Wednesday, February 17, 2010
Un excellent repas!
"Where can you get a good muffuletta in Nashville?" That question asked, my foodie-bud Pat and I headed to Ri'chard's in West Nashville in search of muffulettas, fine Cajun food, and good music. We found all three.
Let me just tell you, Ri'chard's is definitely off the beaten path. From south-South Nashville Pat and I had to get on I-24 and go 'round town and get on 24 again 'til we got to the White's Creek exit, and then we drove for a whilst wondering, aloud, if we were ever going to find the place.
Well, Pat and I did eventually find Richard's ... tucked away in an old Masonic building at the corner of Old Hickory Blvd. and White's Creek Pike. First thing we noticed was the number of cars that had spilled out from the small parking lot alongside the road and into a vacant lot across the street. A good sign, indeed.
Upon entering Ri'chard's you're immediately hit by the distinct aroma of creole seasoning and the sound of deep-fryers doin' their thing. Another good sign, I thought. (As an aside I'll also mention that Ri'chard's has some of the, ahem, comliest servers in town -- and they're damn friendly to boot.)
Now, the food. I've said it on this blog before and I'll say it again: I'm a nut for Cajun/creole cuisine. It's not hard to find a fern bar or Mexican joint in this town, but you really gotta look hard for good Louisiana cookin'. Ri'chard's has it in spades.
First up was a plate of crawfish étouffée and fried potatoes. The étouffée was full of plump crawfish tails and loads of onion, bell pepper, celery (the "trinity," as Cajuns like to say). The sauce was rich and the rice on which it was served was cooked to perfection. The fried potatoes weren't bad either. In fact, they tasted just like the fried potatoes my Granny Ruby used to make.
As much as I enjoyed Ri'Chard's étouffée, it was the "cup" of gumbo I ordered that almost, literally, knocked my socks off. It's obvious from the first bite of Ri'chard's gumbo that an expert hand stirred the roux that forms the basis of the spicy concoction. Full o' plump shrimps and vegetables, I'd rank it up there with some of the fine gumbos I've had in New Orleans -- or in my kitchen.

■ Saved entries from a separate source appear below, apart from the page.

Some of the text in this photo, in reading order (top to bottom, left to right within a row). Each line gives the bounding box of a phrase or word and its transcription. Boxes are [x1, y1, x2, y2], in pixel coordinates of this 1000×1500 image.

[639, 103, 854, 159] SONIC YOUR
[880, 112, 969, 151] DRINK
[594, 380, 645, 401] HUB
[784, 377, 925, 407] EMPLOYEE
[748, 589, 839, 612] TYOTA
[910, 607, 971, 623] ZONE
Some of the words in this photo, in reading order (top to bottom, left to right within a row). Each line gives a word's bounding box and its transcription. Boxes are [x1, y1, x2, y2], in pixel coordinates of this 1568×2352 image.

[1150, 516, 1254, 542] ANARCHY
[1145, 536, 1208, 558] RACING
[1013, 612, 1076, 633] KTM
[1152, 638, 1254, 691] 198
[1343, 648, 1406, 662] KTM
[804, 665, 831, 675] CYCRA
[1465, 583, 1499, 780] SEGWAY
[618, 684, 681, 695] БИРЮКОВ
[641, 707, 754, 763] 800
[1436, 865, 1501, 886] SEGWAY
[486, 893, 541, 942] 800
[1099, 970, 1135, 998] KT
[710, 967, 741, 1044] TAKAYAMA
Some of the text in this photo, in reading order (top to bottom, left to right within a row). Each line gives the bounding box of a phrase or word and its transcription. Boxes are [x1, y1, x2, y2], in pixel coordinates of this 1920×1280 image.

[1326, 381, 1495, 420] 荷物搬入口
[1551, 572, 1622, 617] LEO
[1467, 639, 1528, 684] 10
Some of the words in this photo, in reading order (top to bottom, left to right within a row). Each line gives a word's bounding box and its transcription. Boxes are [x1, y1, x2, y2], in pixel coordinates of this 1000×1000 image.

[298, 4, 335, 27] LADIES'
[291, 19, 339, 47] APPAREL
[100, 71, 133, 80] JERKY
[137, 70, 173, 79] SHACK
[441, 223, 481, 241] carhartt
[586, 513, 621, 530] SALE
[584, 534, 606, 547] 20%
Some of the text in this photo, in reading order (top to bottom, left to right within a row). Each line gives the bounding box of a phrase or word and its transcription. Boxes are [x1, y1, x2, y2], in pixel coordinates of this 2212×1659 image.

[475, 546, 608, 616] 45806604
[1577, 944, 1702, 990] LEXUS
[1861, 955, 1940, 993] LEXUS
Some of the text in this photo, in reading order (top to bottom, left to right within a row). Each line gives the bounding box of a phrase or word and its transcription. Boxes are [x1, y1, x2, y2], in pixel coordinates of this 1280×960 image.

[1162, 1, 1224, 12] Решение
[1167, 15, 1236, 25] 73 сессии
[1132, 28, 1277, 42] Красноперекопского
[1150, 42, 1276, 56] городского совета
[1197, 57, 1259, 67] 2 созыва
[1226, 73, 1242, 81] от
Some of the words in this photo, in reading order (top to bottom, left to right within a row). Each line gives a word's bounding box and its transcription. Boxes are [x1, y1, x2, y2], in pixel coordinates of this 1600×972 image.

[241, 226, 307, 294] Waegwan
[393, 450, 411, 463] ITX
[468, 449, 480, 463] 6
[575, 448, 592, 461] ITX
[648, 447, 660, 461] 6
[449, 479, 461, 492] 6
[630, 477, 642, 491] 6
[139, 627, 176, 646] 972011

Oh, before I forget. The muffaletta that was the impetus for the journey? It wasn't half bad, either (I know 'cause Pat let me have a small bite of his sammich). As big as a hubcap, it featured an olive salad that's every bit as good as the olive salad served in the famed Central Grocery in New Orleans. Maybe I can get Pat to elaborate on it one of these days.